I am not the first person to bring this up. “The desensitization itself is the perversion,” Eugene Hütz, a Ukranian musician (and occasional actor––in Zedd’s films as well as others) said in an interview. “For example, Nick Zedd…was extremely subversive. [His films] challenged the remains of the plastic façade, the ‘Totem of the Depraved’ that had the power. Now, the fucking mainstream television is the Totem of the Depraved.”

The question, then, isn’t if his films are worth watching by the standards of a manifesto, but if they’re worth watching for you. I think the answer depends greatly on who you are. If you are a film student, a performance artist or Lester Bangs, Zedd’s films may be right for you. If you are sensitive to guts, gore, sex or nudity, these films aren’t. If you are none of the above, I suspect you’ll only watch the films once, though I don’t know what impact they’ll have on you.

I honestly cannot say that any of Zedd’s films gave me cause to think. My main thought, watching this collection, was “Why am I still watching this?” Yes, the films are unsettling, and most of them, despite being hampered by shoestring budgets, show Zedd’s vision and artistic talent. The acting, in the narrative features, is pretty good. They do not “tranquilize and obfuscate” as some avant-garde films do; for art films, they are refreshingly to the point. But they had no real effect on me.

Cinema of Transgression aimed to “go beyond all limits set or prescribed by taste, morality or any other traditional value system shackling the minds of men.” Unfortunately for us, television executives have found ways to accomplish this without challenging the status quo. Woe betide us, starting with them!

The Atlantic Monthly used to run a column called “Word Fugitives,” where writers and readers would come together to find or create words describing something or other, often an idea or feeling with no name as of yet.

I’d like to suggest a word fugitive still at large. Here’s what it describes: a piece of art, film or music chiefly enjoyed because its artist, actor(s), filmmaker or musician is physically attractive. This doesn’t mean the artwork has no artistic merit, although that sometimes is the case. However, the person’s winsome features are enjoyed more than the art itself. Sometimes the art isn’t really enjoyed at all.

This is not the same as enjoying an already-good piece of art more because somebody’s pretty.
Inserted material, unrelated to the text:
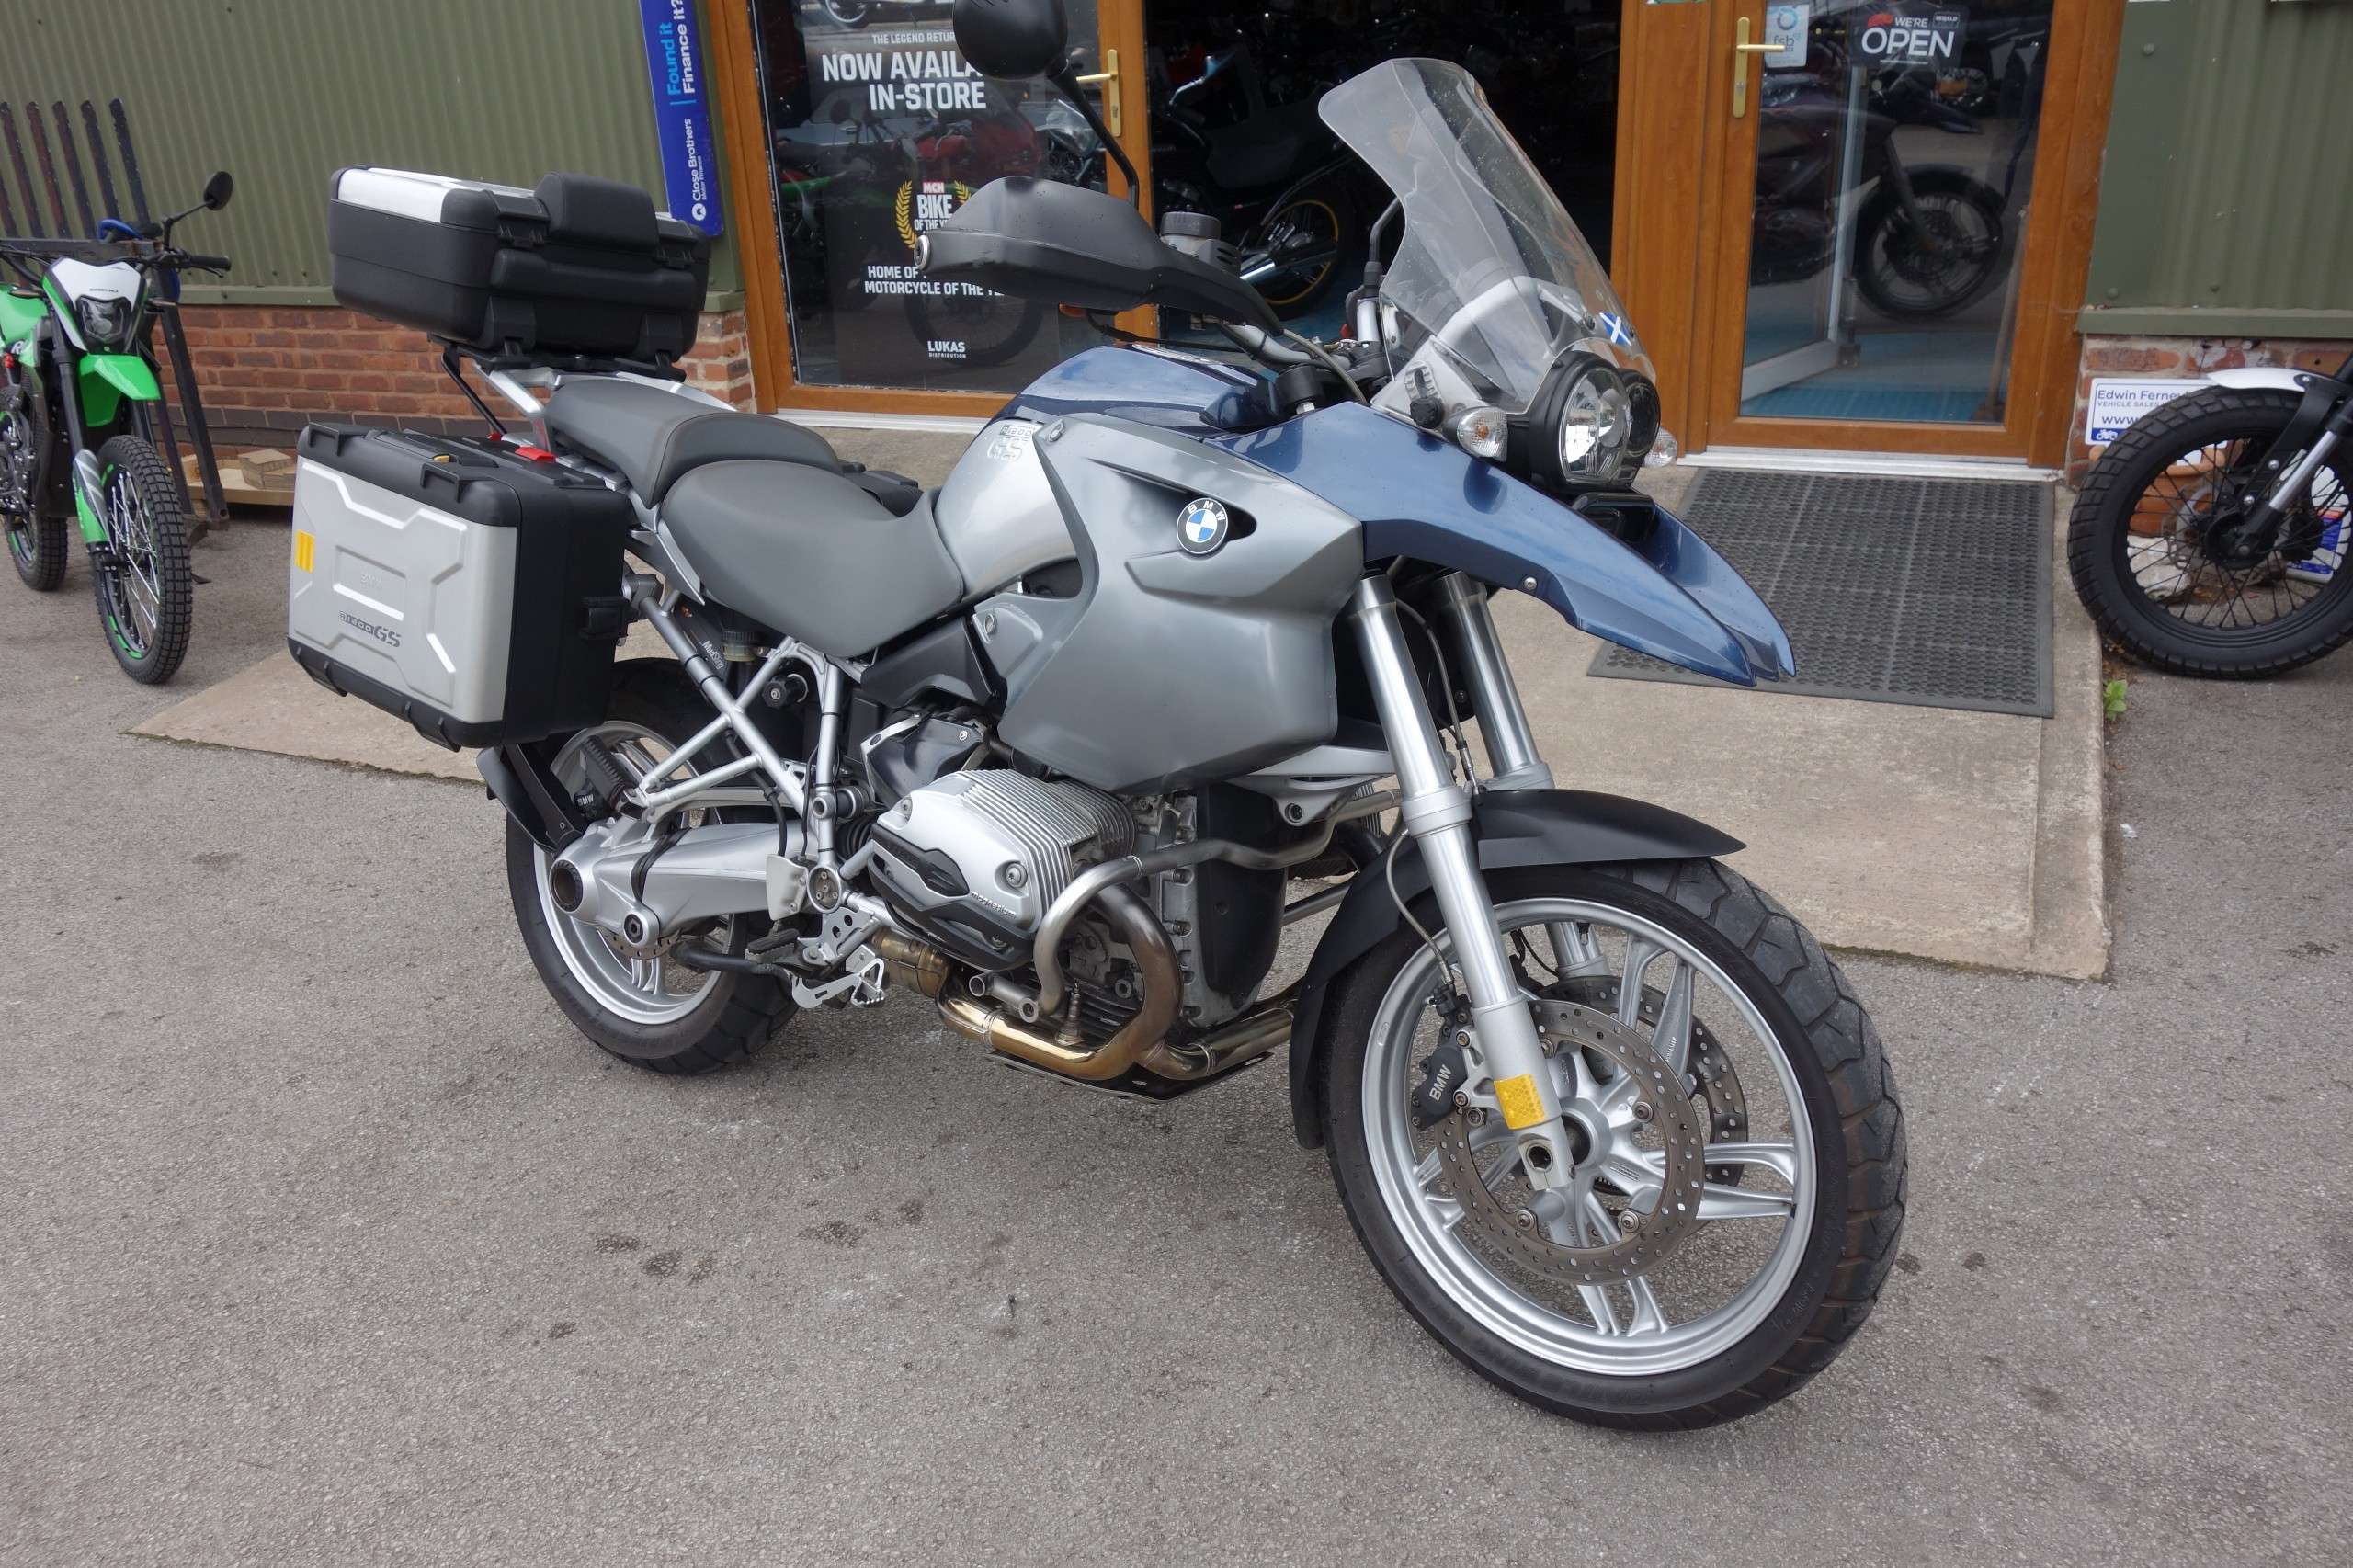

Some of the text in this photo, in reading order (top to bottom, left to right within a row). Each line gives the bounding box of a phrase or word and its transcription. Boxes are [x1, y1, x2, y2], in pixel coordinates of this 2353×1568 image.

What this fugitive word refers to is art which, if it were made by a homely person, would not interest you at all, however meaningful or well-made.

Allow me to give you an example from my own life. I find most no wave music, art and cinema completely uninteresting. However, many of the principal no wave artists were good looking in an intelligent, unsound sort of way. Look at these photos to see what I mean:

Anya Phillips (middle)

James Chance

James Chance

Lung Leg

Lung Leg

Lydia Lunch

Lydia Lunch

Lance Loud and Lydia Lunch.

Lance Loud and Lydia Lunch.

Nick Zedd

Nick Zedd

Nick Zedd

Nick Zedd, again

This is just a sample, albeit a biased one. I’m sure someone reading this finds some or all of these people hideous, but to me they look okay. In my early twenties I made a show of being interested in transgressive cinema and No New York, but I found I wasn’t so much watching these films or listening to the albums as I was scouring the internet for high-resolution pictures of Lung Leg and friends.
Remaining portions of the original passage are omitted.